** Record extracts follows **
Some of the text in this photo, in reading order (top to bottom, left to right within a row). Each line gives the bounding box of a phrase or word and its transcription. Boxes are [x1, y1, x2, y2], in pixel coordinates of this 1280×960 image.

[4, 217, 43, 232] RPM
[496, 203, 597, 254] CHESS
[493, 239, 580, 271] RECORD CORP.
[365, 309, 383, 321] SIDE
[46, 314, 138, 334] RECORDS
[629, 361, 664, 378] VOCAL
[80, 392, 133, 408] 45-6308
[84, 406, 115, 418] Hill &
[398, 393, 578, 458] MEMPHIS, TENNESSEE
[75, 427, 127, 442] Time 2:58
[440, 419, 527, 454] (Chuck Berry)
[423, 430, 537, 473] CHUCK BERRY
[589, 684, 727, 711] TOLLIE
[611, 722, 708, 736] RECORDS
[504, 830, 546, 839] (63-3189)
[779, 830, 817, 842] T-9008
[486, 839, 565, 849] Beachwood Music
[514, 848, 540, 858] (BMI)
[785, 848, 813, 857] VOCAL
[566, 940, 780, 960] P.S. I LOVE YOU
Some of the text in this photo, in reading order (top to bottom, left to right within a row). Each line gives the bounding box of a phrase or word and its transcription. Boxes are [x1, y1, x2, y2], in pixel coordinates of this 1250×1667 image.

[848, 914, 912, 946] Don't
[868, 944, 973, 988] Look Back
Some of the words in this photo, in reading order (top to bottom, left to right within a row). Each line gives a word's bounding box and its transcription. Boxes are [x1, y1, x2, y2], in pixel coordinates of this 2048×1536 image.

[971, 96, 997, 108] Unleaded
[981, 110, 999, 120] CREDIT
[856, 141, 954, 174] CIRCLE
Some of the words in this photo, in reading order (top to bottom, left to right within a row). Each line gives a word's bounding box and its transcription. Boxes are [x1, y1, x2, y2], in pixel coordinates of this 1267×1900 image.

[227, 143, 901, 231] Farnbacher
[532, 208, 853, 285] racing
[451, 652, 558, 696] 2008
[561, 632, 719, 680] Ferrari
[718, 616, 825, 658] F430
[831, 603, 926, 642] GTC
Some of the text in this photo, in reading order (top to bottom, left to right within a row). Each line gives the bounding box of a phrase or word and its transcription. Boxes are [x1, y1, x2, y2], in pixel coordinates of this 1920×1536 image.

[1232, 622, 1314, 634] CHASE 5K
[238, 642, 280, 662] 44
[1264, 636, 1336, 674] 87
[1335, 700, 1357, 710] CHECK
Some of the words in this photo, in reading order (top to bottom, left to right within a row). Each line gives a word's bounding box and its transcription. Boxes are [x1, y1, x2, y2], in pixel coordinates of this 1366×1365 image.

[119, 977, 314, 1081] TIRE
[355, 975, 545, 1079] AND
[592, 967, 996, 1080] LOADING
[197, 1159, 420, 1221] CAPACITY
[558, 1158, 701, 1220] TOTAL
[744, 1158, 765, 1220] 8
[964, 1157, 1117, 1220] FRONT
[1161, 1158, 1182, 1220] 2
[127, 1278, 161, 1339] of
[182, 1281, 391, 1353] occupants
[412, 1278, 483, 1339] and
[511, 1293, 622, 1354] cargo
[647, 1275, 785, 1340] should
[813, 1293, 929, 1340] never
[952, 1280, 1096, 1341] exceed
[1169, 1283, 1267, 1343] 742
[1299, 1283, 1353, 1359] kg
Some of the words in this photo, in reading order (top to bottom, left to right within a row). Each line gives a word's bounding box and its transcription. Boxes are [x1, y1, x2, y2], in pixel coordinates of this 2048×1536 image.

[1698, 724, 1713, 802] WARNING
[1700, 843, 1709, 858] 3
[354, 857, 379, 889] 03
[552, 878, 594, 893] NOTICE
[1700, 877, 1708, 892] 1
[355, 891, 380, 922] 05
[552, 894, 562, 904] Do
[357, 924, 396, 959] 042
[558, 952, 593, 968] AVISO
** End of Record extracts **
• _Description of the task_:
Only the lines from the one containing "this 1920×1536 image." through the last line of the records above are to be reproduced, exactly and with both ends included.

• _Written reply_:
Some of the text in this photo, in reading order (top to bottom, left to right within a row). Each line gives the bounding box of a phrase or word and its transcription. Boxes are [x1, y1, x2, y2], in pixel coordinates of this 1920×1536 image.

[1232, 622, 1314, 634] CHASE 5K
[238, 642, 280, 662] 44
[1264, 636, 1336, 674] 87
[1335, 700, 1357, 710] CHECK
Some of the words in this photo, in reading order (top to bottom, left to right within a row). Each line gives a word's bounding box and its transcription. Boxes are [x1, y1, x2, y2], in pixel coordinates of this 1366×1365 image.

[119, 977, 314, 1081] TIRE
[355, 975, 545, 1079] AND
[592, 967, 996, 1080] LOADING
[197, 1159, 420, 1221] CAPACITY
[558, 1158, 701, 1220] TOTAL
[744, 1158, 765, 1220] 8
[964, 1157, 1117, 1220] FRONT
[1161, 1158, 1182, 1220] 2
[127, 1278, 161, 1339] of
[182, 1281, 391, 1353] occupants
[412, 1278, 483, 1339] and
[511, 1293, 622, 1354] cargo
[647, 1275, 785, 1340] should
[813, 1293, 929, 1340] never
[952, 1280, 1096, 1341] exceed
[1169, 1283, 1267, 1343] 742
[1299, 1283, 1353, 1359] kg
Some of the words in this photo, in reading order (top to bottom, left to right within a row). Each line gives a word's bounding box and its transcription. Boxes are [x1, y1, x2, y2], in pixel coordinates of this 2048×1536 image.

[1698, 724, 1713, 802] WARNING
[1700, 843, 1709, 858] 3
[354, 857, 379, 889] 03
[552, 878, 594, 893] NOTICE
[1700, 877, 1708, 892] 1
[355, 891, 380, 922] 05
[552, 894, 562, 904] Do
[357, 924, 396, 959] 042
[558, 952, 593, 968] AVISO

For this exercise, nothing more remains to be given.